A well-known problem, when making a general superimposition, is error resulting from the structures used being too close together. This can typically result in rotational errors and can yield an incorrect analysis of the changes, such as the chin going either too far back or forward. This technique reduces this problem to a minimum, and especially if a second principle for superimpositioning serial headfilms is employed. In order to solve this rotational problem, Björk and Skieller (1983), recommended observing a “Logical Sequence of Growth Changes” of specific anatomical structures after the headfilms have been aligned.11 So what does this mean? Their recommendation is to observe a logical sequence of growth changes when analyzing two or more headfilms in a series.
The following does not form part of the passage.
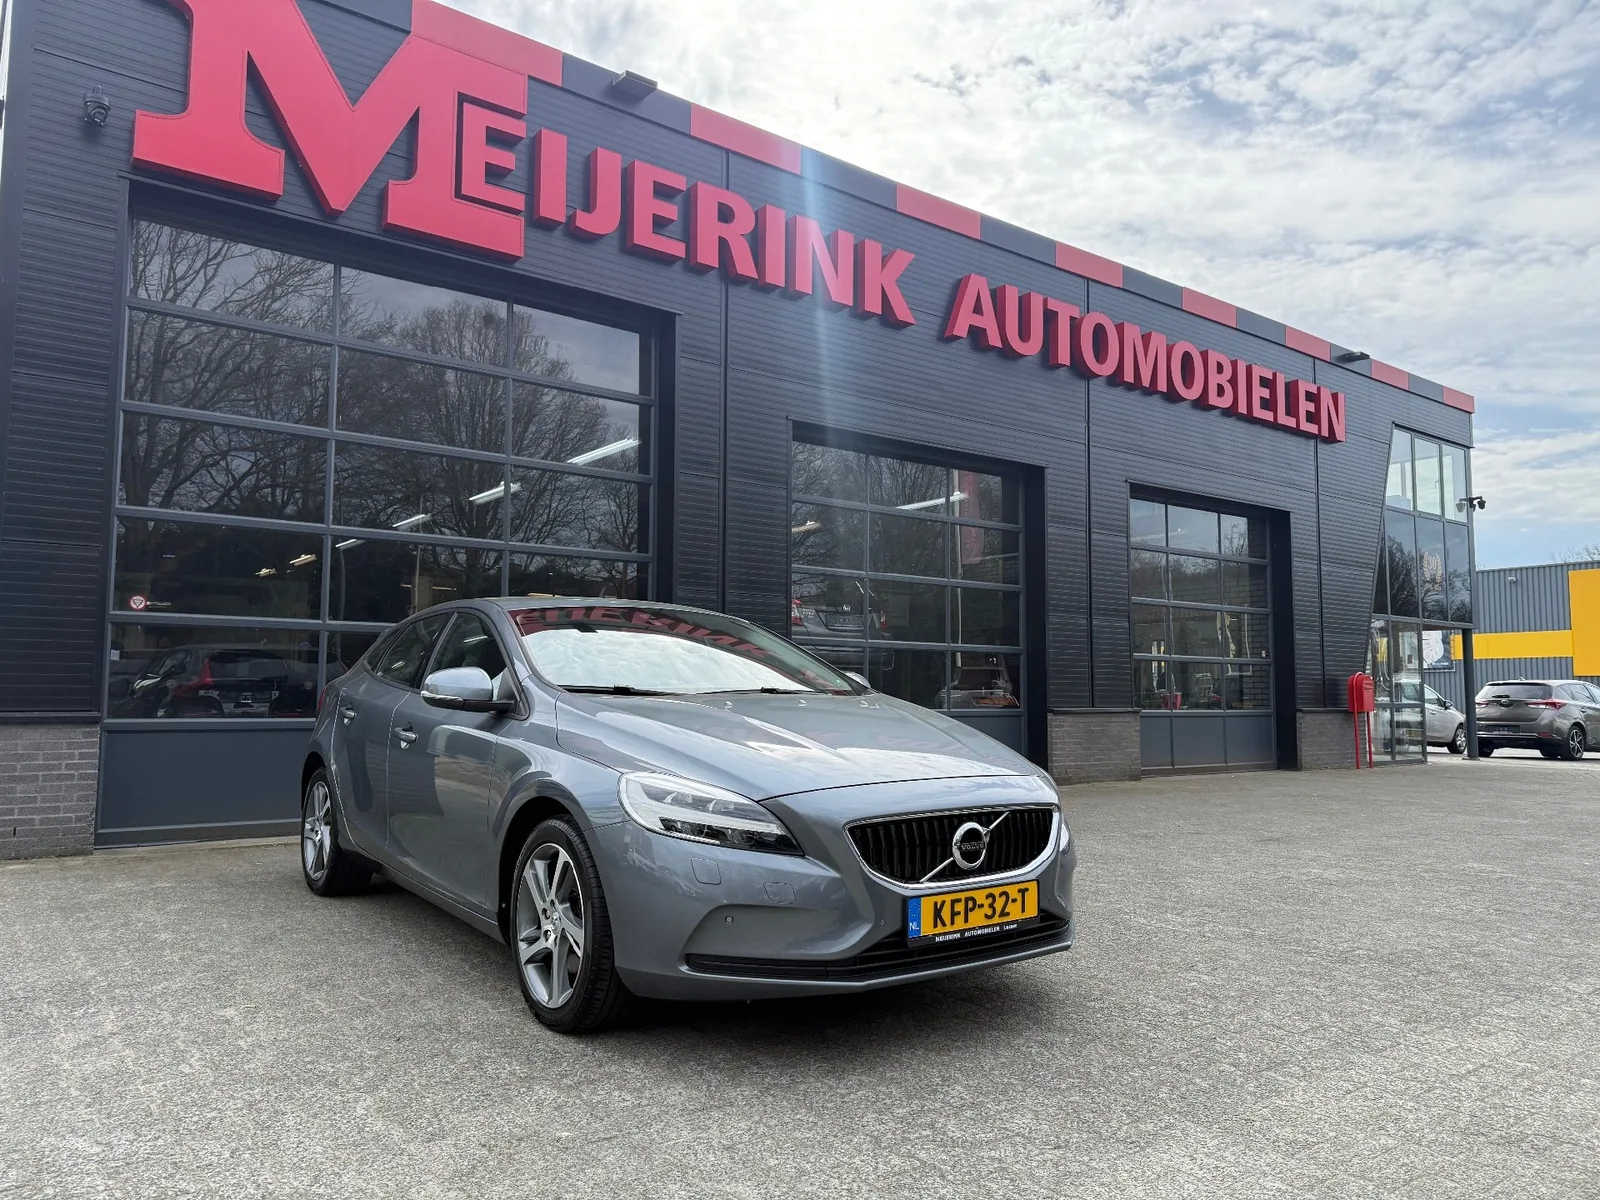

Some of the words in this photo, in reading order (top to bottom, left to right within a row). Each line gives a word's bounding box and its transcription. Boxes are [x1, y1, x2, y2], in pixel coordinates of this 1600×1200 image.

In other words, the analysis should be based on two important principles:
    (1) Superimposing on stable structures
    (2) Observe a logical sequence of growth changes


As it turns out, this second principle can, to a great extent, reduce or eliminate rotational errors and improved the results of the analysis, when compared to previous techniques. Example of the structures that can be used is seen in Figure 7.
 
Figure7

Figure7

Control tracing showing landmarks with a logical sequence of growth changes. These include: 1) Point Articulare, moves downward and posteriorly, 2) Outer surface of the occipital bone-moves in an outward direction, 3) Pterygo-maxillare (posterior nasal spine-PNS), moves mostly straight vertically, 4) Basion, 5) Fronto-parietal suture moves posteriorly.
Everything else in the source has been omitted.